Characterization of spontaneous lung metastases in the 4T1-fLUC model. a Excised lungs from ten tumor-free mice were IVIS-imaged to assess background luminescence. The metastatic incidence threshold (dashed red line) was defined as 3 S.D. above this mean. In the absence of therapy, 100% (n = 52) of mice have lung metastases by day 25 after s.c. 4T1-fLUC challenge. Mean ± S.E.M. b Excised lungs of 4T1-fLUC-challenged mice were IVIS-imaged to determine metastatic kinetics. Black down-pointing triangle: incidence-free mice; red up-pointing triangle: incidence-positive mice. Data are pooled from two to ten experiments using three to five mice per time point. c Excised lungs of 4T1-fLUC-challenged mice were IVIS-imaged on day 25 then homogenized and cultured for 6-thioguanine colony-forming assays. Linear regression analysis indicates a positive correlation between these two independent measures of lung tumor burden. Data from one experiment, representative of two, are shown. d H&E-stained lung sections from 4T1-fLUC-bearing mice indicate the presence of multiple metastatic tumors (arrows). ac Each data point represents bioluminescent tumor burdens from excised lungs

Sustained Tumor Lysate Release from PLGA MPs

Our vaccination strategy utilizes an initial prime that consists of tumor lysate-loaded PLGA MPs (4T1 MPs). Freeze–thawed parental 4T1 lysates were encapsulated using a double emulsion solvent evaporation method. Six batches of 4T1 MPs were utilized in these studies; the average MP had an average of 4.92 μg lysates/mg of PLGA, diameter of 2.29 μm, and zeta potential of −26.83 mV. Scanning electron photomicrographs revealed that 4T1 MPs had spherical and smooth morphologies (Fig. 2a). To evaluate PLGA hydrolysis, 4T1 MPs were cultured in PBS at 37°C, and subsequent 4T1 lysate release was assessed using Micro BCA assays. As expected, release of 4T1 lysates was sustained over time, with approximately 29% released by day 20 (Fig. 2b). These data suggest that at a neutral pH, the majority of non-phagocytosed 4T1 MPs would remain intact in vivo, allowing for efficient uptake by DCs and/or macrophages (MΦs), followed by subsequent MP degradation in intracellular phagolysosomes.

Fig. 2.

Fig. 2

PLGA MPs are efficiently phagocytosed by DCs and MΦs in vivo. a Scanning electron photomicrograph of 4T1-loaded PLGA MP. b 4T1 lysate release profile from PLGA MPs cultured in PBS at 37°C. Data from three batches of 4T1 MPs.
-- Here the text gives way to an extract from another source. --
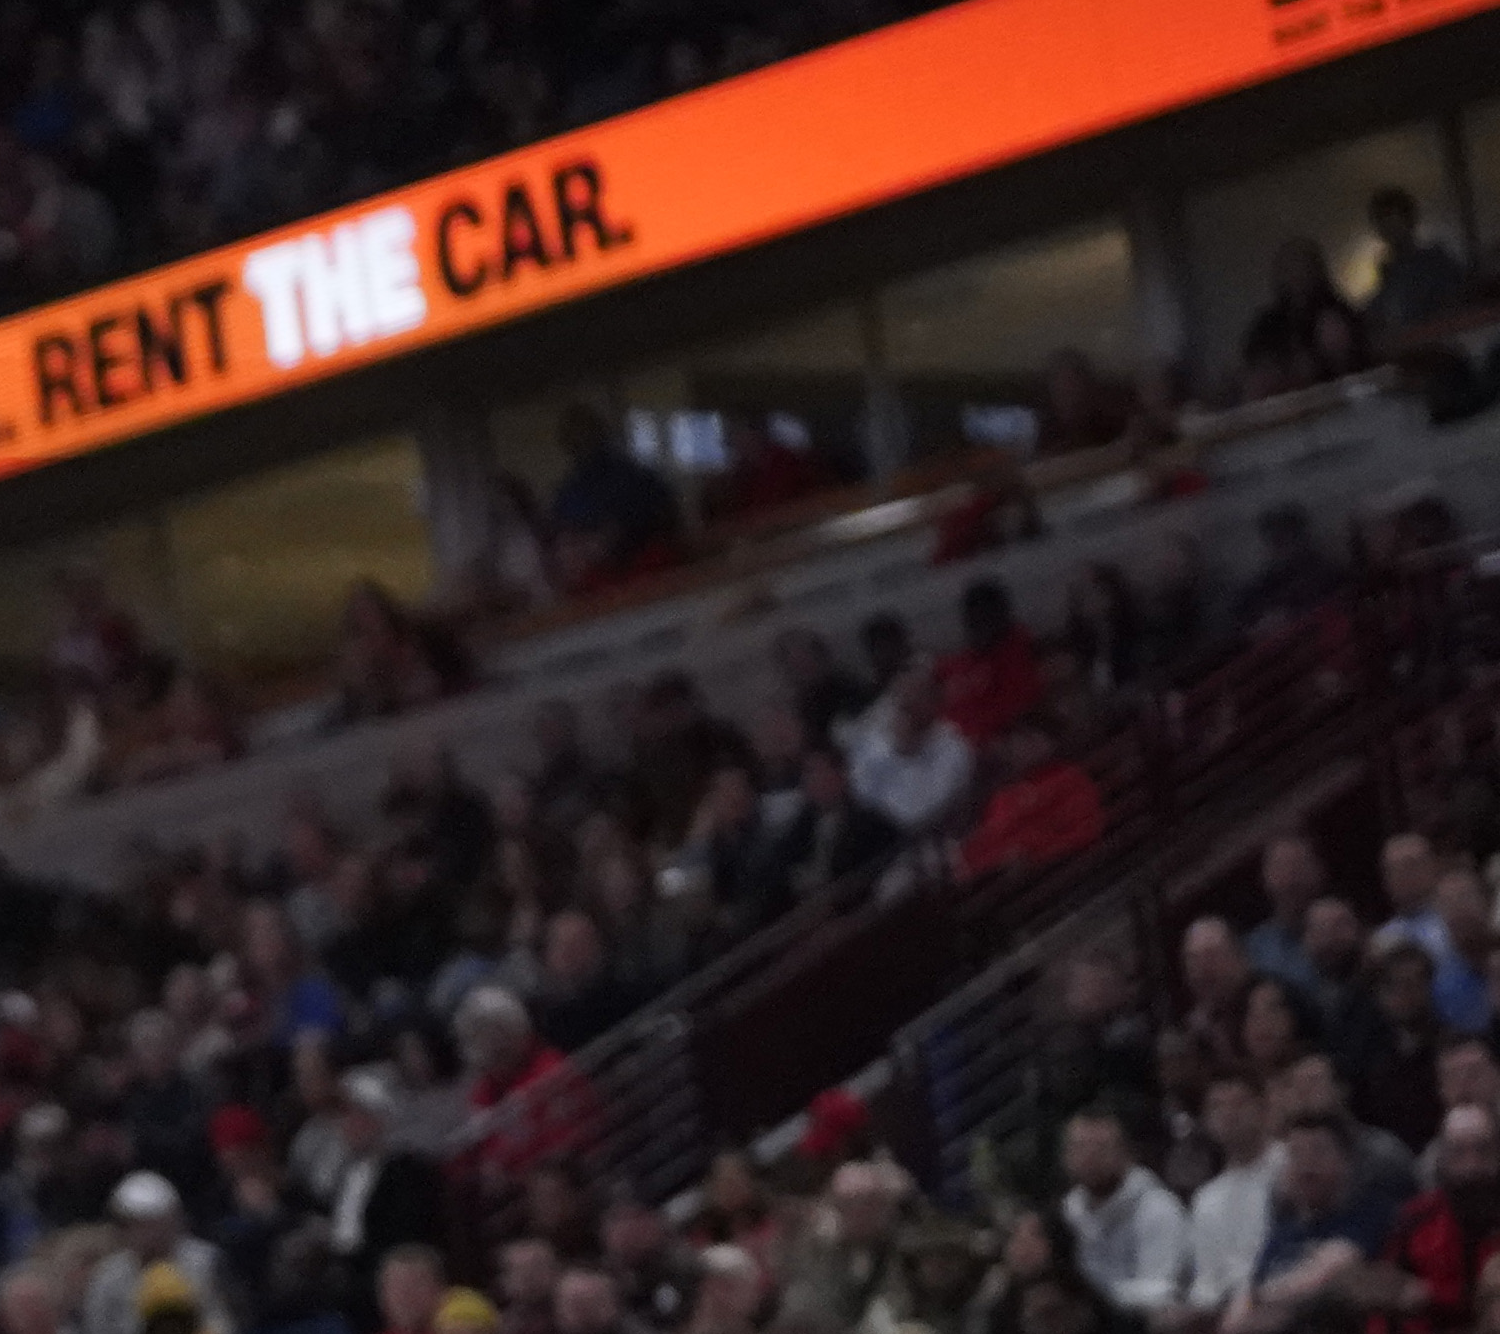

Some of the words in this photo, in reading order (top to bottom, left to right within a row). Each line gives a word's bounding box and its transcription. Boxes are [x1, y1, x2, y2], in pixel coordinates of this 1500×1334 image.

Mean ± S.E.M. c In vivo trafficking of Rhodamine B-loaded PLGA MP. Left: Representative flow cytometry plots indicating the gating strategy for DC and MΦ populations in the vaccine-dLN (inguinal). Center: Rhodamine B gating defined using FMO controls. Right: Frequency of Rhodamine B-positive phagocytes in the dLN 24 and 48 h after MP injection. Data shown (mean ± S.E.M.) are pooled from two experiments using a total of eight mice/time point

PLGA MPs Are Efficiently Phagocytosed In Vivo

We next examined the efficiency with which subcutaneously administered PLGA MPs reached the vaccine-dLN, the site where naive TAA-specific CD8+ T cells would become activated. To assess MP phagocytosis and trafficking in vivo, we generated Rhodamine B-loaded PLGA MPs (Rhodamine MPs). Rhodamine MPs were administered subcutaneously, in the same manner as would be used for 4T1-loaded MPs in vaccinated mice. Vaccine-dLNs were isolated 24 and 48 h later, then analyzed by flow cytometry for Rhodamine B-positive DCs (CD11chigh) and MΦs (CD11b+CD11c−/int) (Fig. 2c). Previous work had shown that MPs >200 nm in diameter do not enter lymphatic ducts directly but instead require uptake by either DC or MΦs that subsequently traffic to dLNs (20). To assist in defining Rhodamine B-positive events while simultaneously reducing false positives, we employed Fluorescence Minus One (FMO) controls for Rhodamine B (21). These data indicate that 0.15% (24 h) and 2.08% (48 h) of dLN MΦ were Rhodamine B-positive, whereas 0.55% (24 h) and 6.10% (48 h) of DCs were Rhodamine B-positive. Thus, PLGA MPs appear to be preferentially phagocytosed by DCs that migrate to dLNs, facilitating antigen presentation to naive T cells.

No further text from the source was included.